Records from a dataset
━━━━━━━━

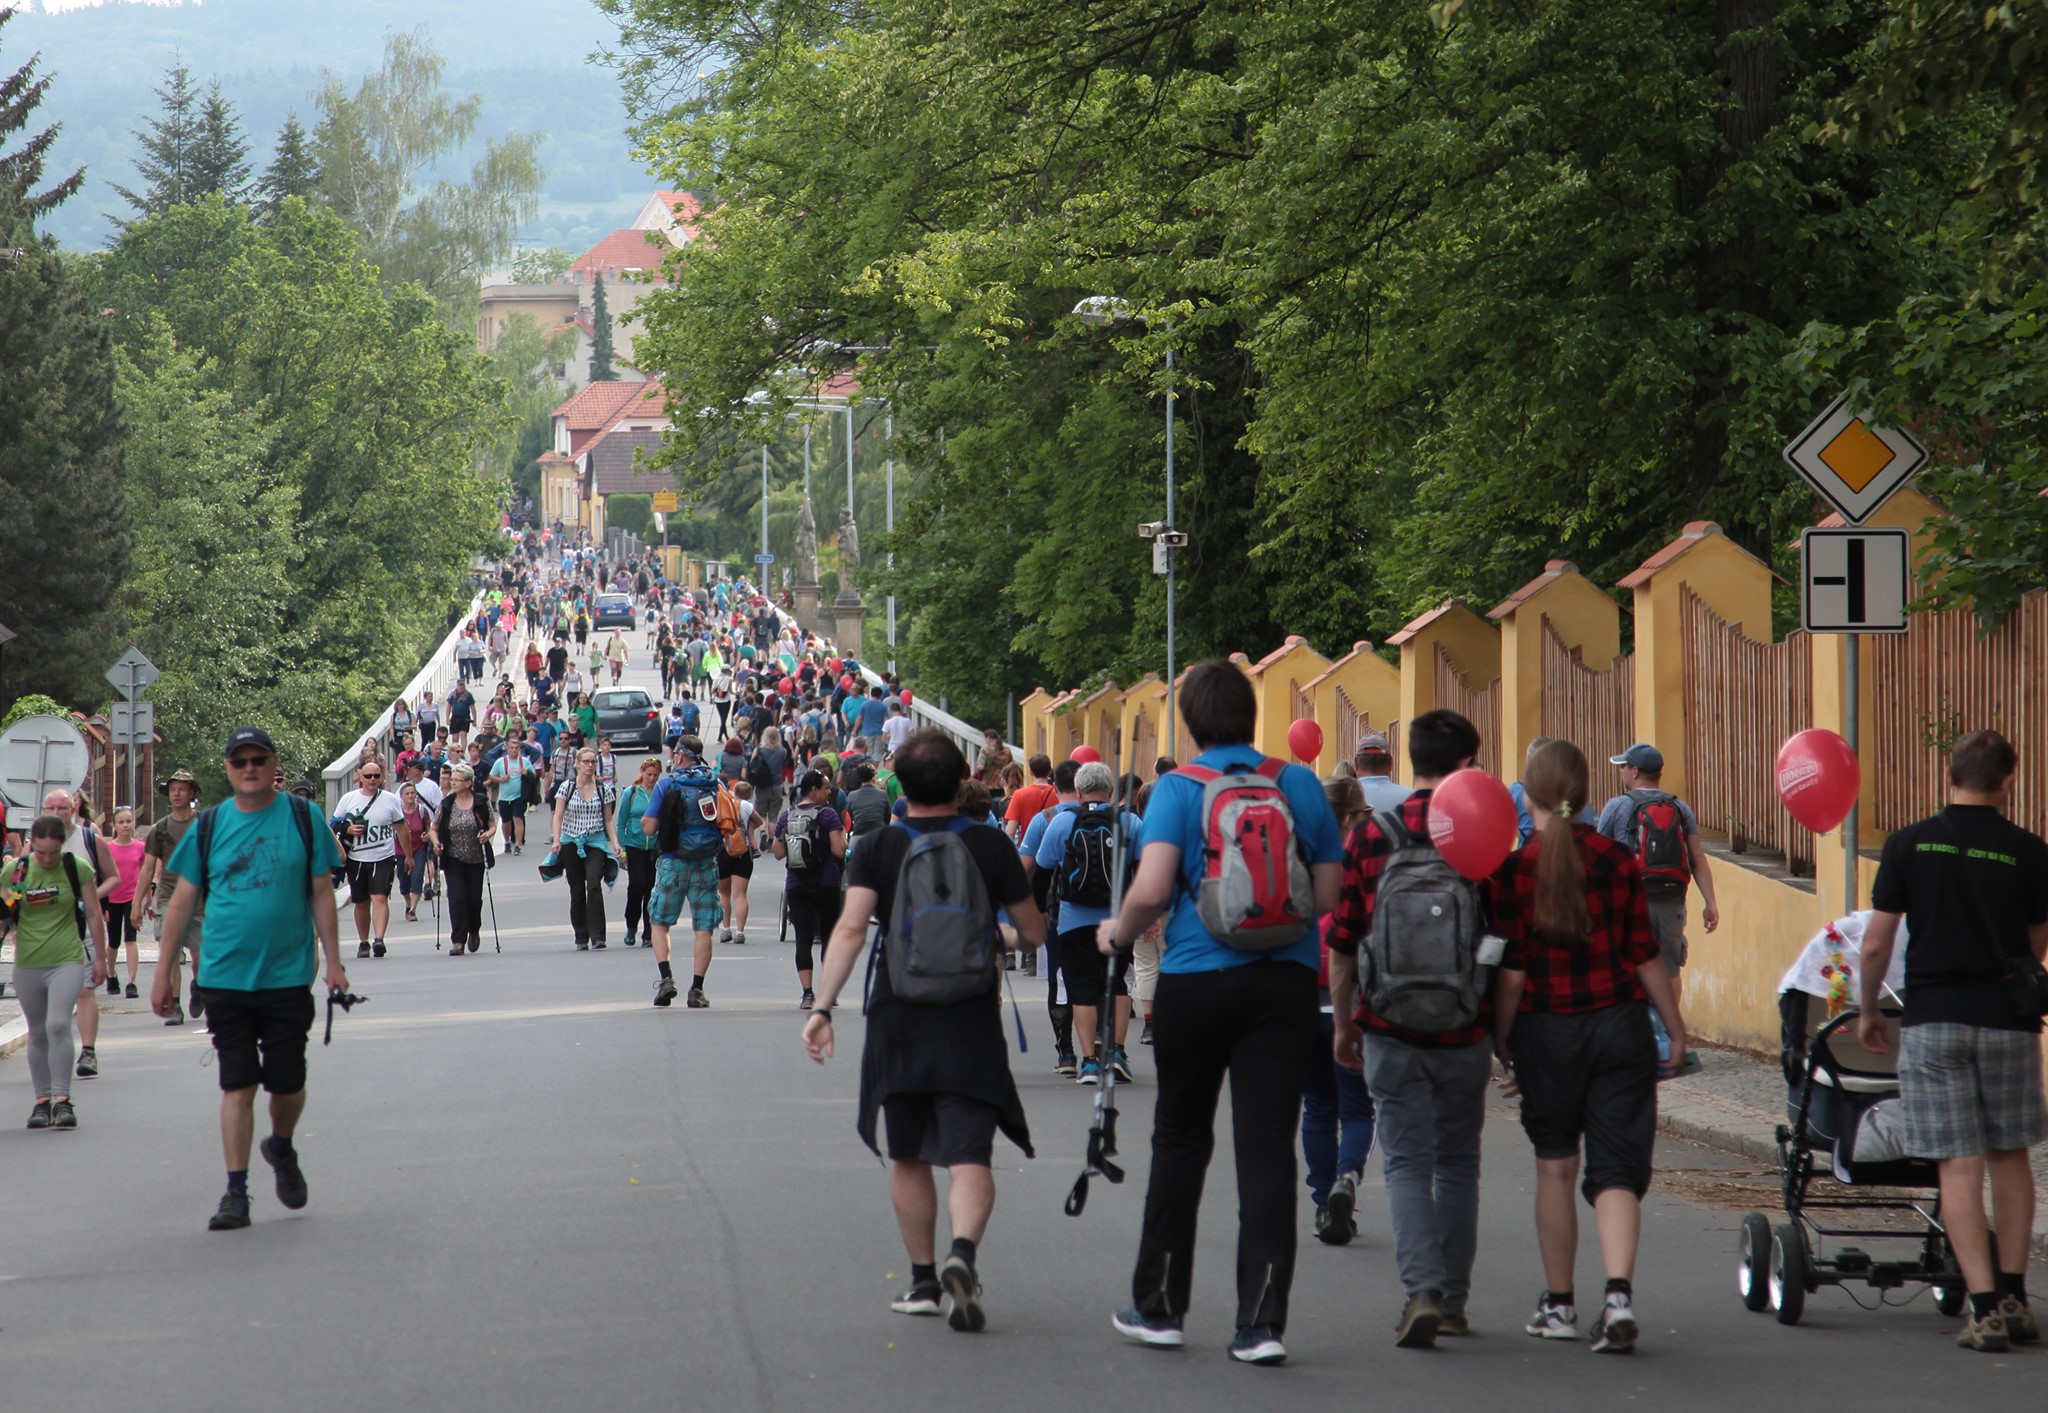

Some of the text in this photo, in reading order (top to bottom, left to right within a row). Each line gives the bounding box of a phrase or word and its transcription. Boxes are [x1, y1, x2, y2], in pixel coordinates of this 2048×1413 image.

[1916, 843, 1931, 852] PRO
[1988, 852, 1998, 860] NA
[2000, 854, 2017, 866] KOLE
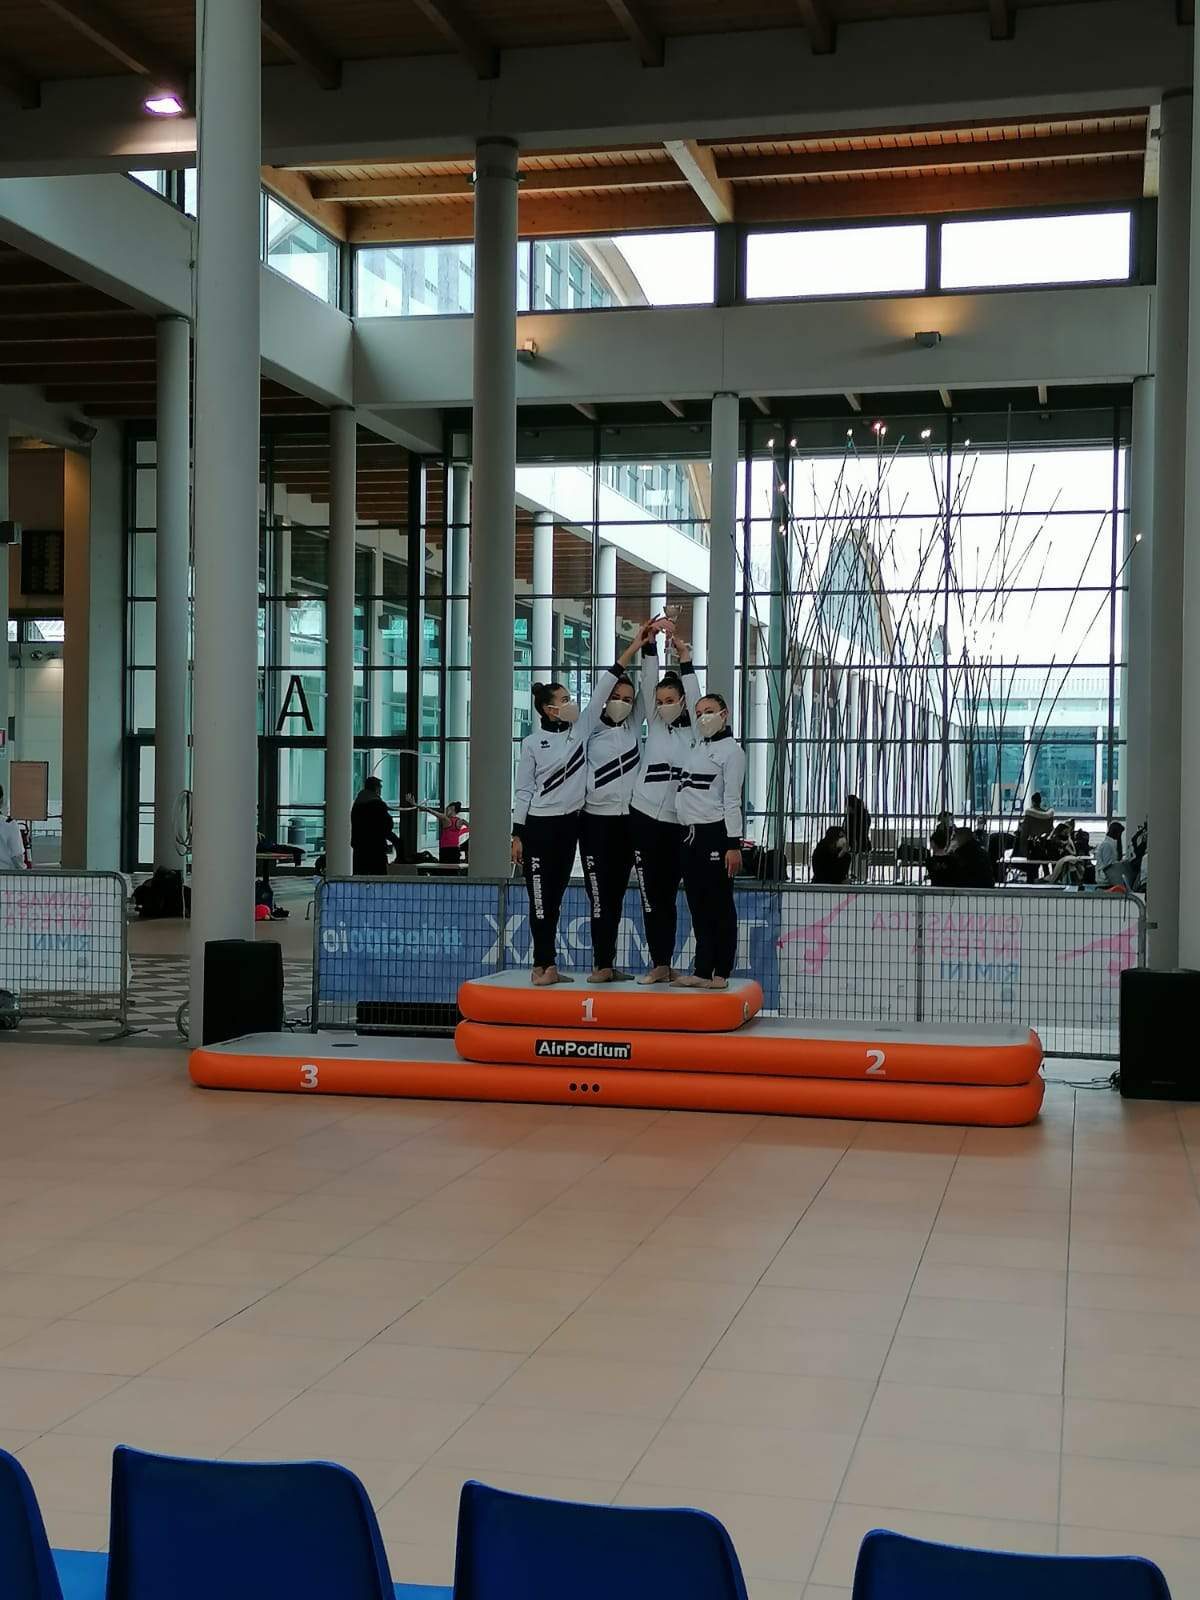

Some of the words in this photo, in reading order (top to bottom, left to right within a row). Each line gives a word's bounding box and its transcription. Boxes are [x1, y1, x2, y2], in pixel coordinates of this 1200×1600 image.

[277, 675, 314, 731] A
[581, 997, 598, 1022] 1
[538, 1040, 629, 1059] AirPodium
[864, 1049, 887, 1075] 2
[300, 1064, 319, 1089] 3

━━━━━━━━

• WHAT THE EXERCISE ASKS:
From the first line to the last, print the records exactly; leave out the pictures.

• ANSWER TO THE EXERCISE:
Some of the text in this photo, in reading order (top to bottom, left to right within a row). Each line gives the bounding box of a phrase or word and its transcription. Boxes are [x1, y1, x2, y2], in pixel coordinates of this 2048×1413 image.

[1916, 843, 1931, 852] PRO
[1988, 852, 1998, 860] NA
[2000, 854, 2017, 866] KOLE

Some of the words in this photo, in reading order (top to bottom, left to right within a row). Each line gives a word's bounding box and its transcription. Boxes are [x1, y1, x2, y2], in pixel coordinates of this 1200×1600 image.

[277, 675, 314, 731] A
[581, 997, 598, 1022] 1
[538, 1040, 629, 1059] AirPodium
[864, 1049, 887, 1075] 2
[300, 1064, 319, 1089] 3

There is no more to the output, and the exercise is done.